(PROVIDED INFORMATION Opens)

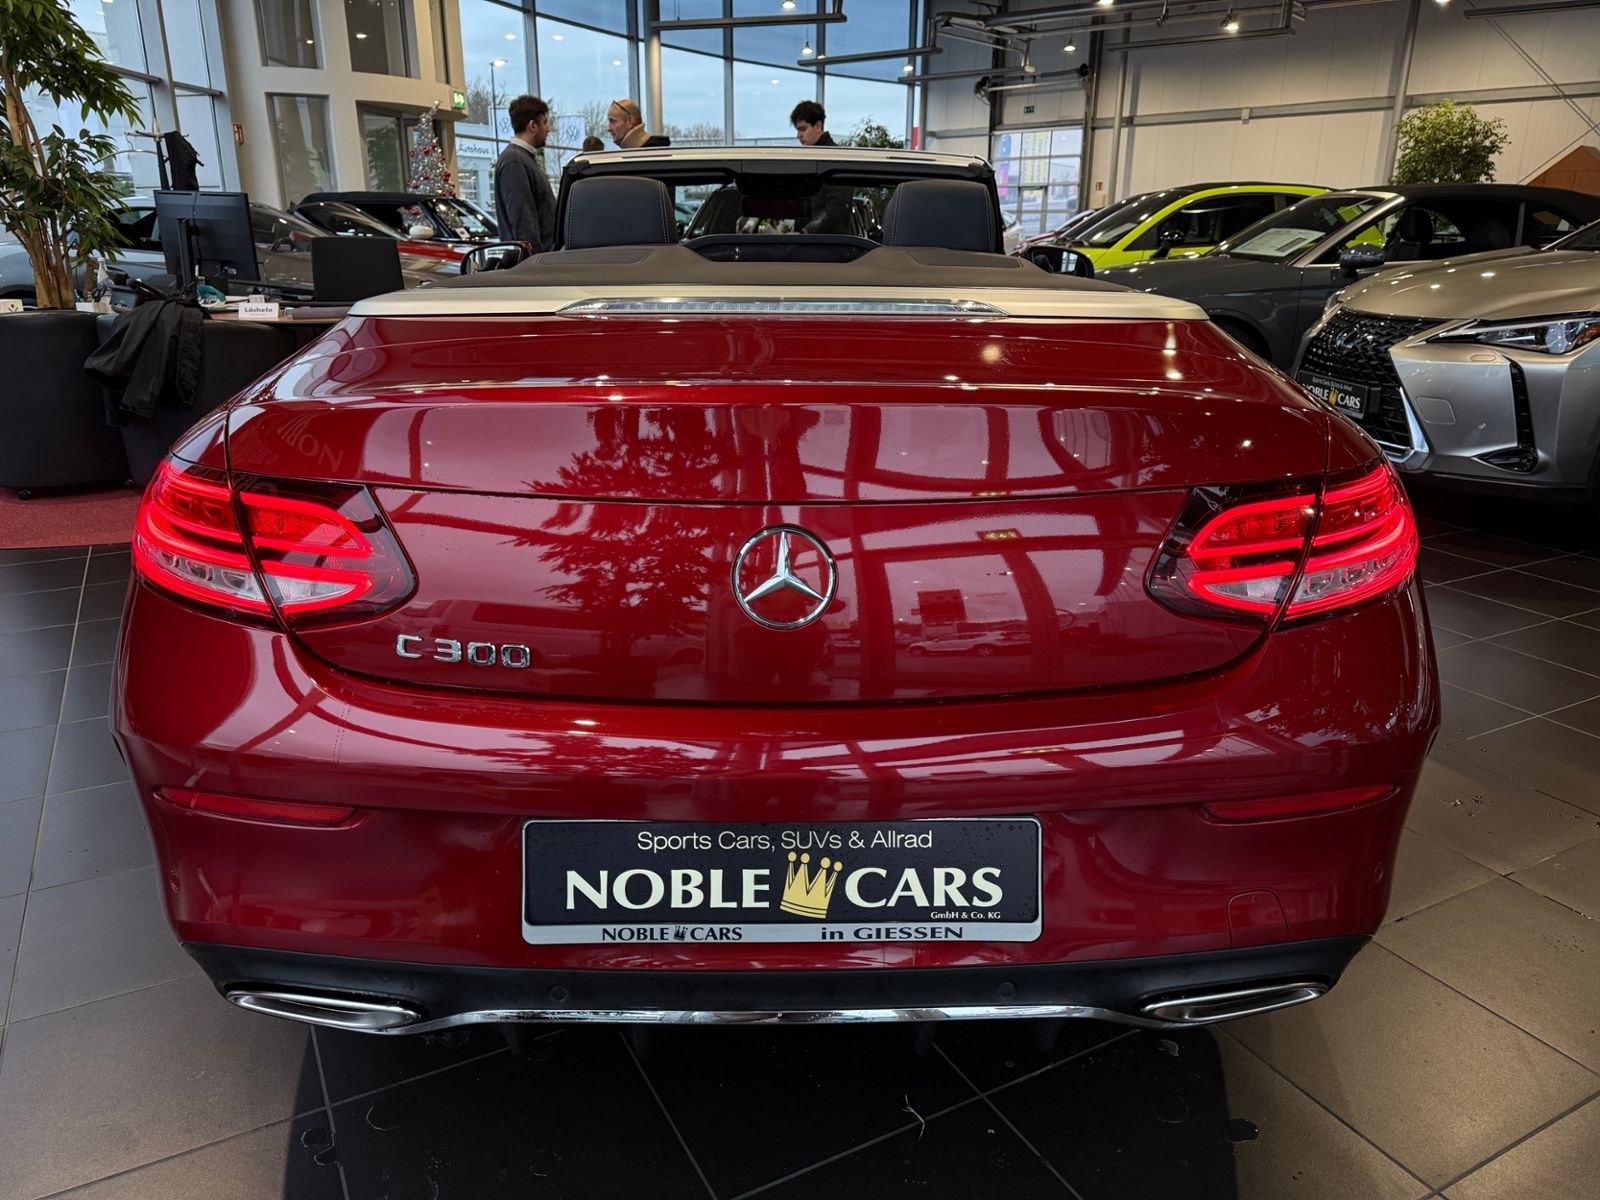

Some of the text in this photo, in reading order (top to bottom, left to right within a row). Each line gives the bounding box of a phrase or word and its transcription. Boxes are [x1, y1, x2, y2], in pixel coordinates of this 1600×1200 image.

[1302, 383, 1330, 401] OBLE
[1337, 392, 1361, 409] CARS
[396, 633, 532, 668] C 300
[637, 830, 933, 854] Sports Cars, SUVs & Allrad
[566, 866, 1003, 910] NOBLE CARS
[930, 911, 1001, 919] GmbH & Co. KG
[602, 926, 963, 942] NOBLE CARS in GIESSEN

(PROVIDED INFORMATION Closes)

• [TASK GOAL] Your copy should match the entries exactly, minus the pictures.

• [RESULT]
Some of the text in this photo, in reading order (top to bottom, left to right within a row). Each line gives the bounding box of a phrase or word and its transcription. Boxes are [x1, y1, x2, y2], in pixel coordinates of this 1600×1200 image.

[1302, 383, 1330, 401] OBLE
[1337, 392, 1361, 409] CARS
[396, 633, 532, 668] C 300
[637, 830, 933, 854] Sports Cars, SUVs & Allrad
[566, 866, 1003, 910] NOBLE CARS
[930, 911, 1001, 919] GmbH & Co. KG
[602, 926, 963, 942] NOBLE CARS in GIESSEN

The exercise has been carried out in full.